**Problem statement**
Every record must be transcribed in its entirety, apart from the images, which are to be omitted.

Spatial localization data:
○ ○ ○ ○ ○
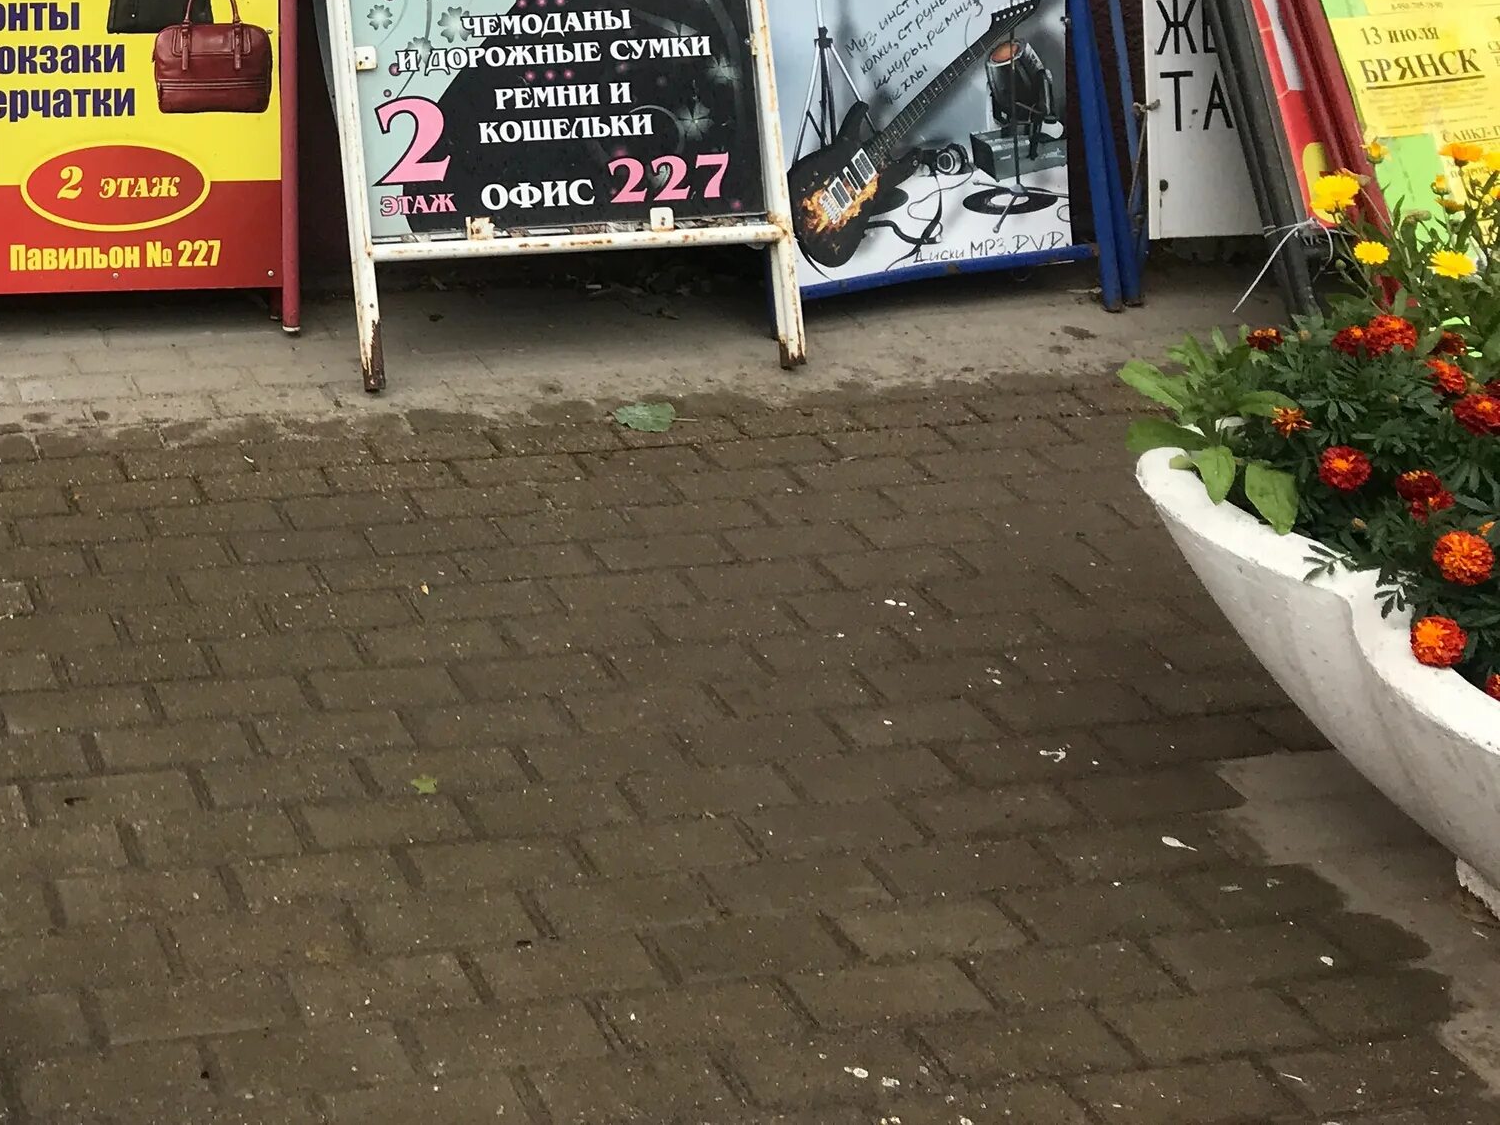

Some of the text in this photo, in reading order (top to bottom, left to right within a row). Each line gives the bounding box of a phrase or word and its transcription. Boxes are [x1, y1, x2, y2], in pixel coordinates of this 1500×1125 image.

[462, 9, 632, 39] ЧЕМОДАНЫ
[1360, 26, 1440, 45] 13 июля
[396, 35, 711, 75] И ДОРОЖНЫЕ СУМКИ
[1358, 48, 1482, 83] БРЯНСК
[494, 82, 631, 111] РЕМНИ И
[373, 96, 451, 187] 2
[479, 115, 653, 144] КОШЕЛЬКИ
[57, 165, 181, 200] 2 ЭТАЖ
[481, 151, 730, 211] ОФИС 227
[380, 192, 458, 217] ЭТАЖ
[10, 240, 221, 272] Павильон № 227
○ ○ ○ ○ ○
**Exercise solution**
Some of the text in this photo, in reading order (top to bottom, left to right within a row). Each line gives the bounding box of a phrase or word and its transcription. Boxes are [x1, y1, x2, y2], in pixel coordinates of this 1500×1125 image.

[462, 9, 632, 39] ЧЕМОДАНЫ
[1360, 26, 1440, 45] 13 июля
[396, 35, 711, 75] И ДОРОЖНЫЕ СУМКИ
[1358, 48, 1482, 83] БРЯНСК
[494, 82, 631, 111] РЕМНИ И
[373, 96, 451, 187] 2
[479, 115, 653, 144] КОШЕЛЬКИ
[57, 165, 181, 200] 2 ЭТАЖ
[481, 151, 730, 211] ОФИС 227
[380, 192, 458, 217] ЭТАЖ
[10, 240, 221, 272] Павильон № 227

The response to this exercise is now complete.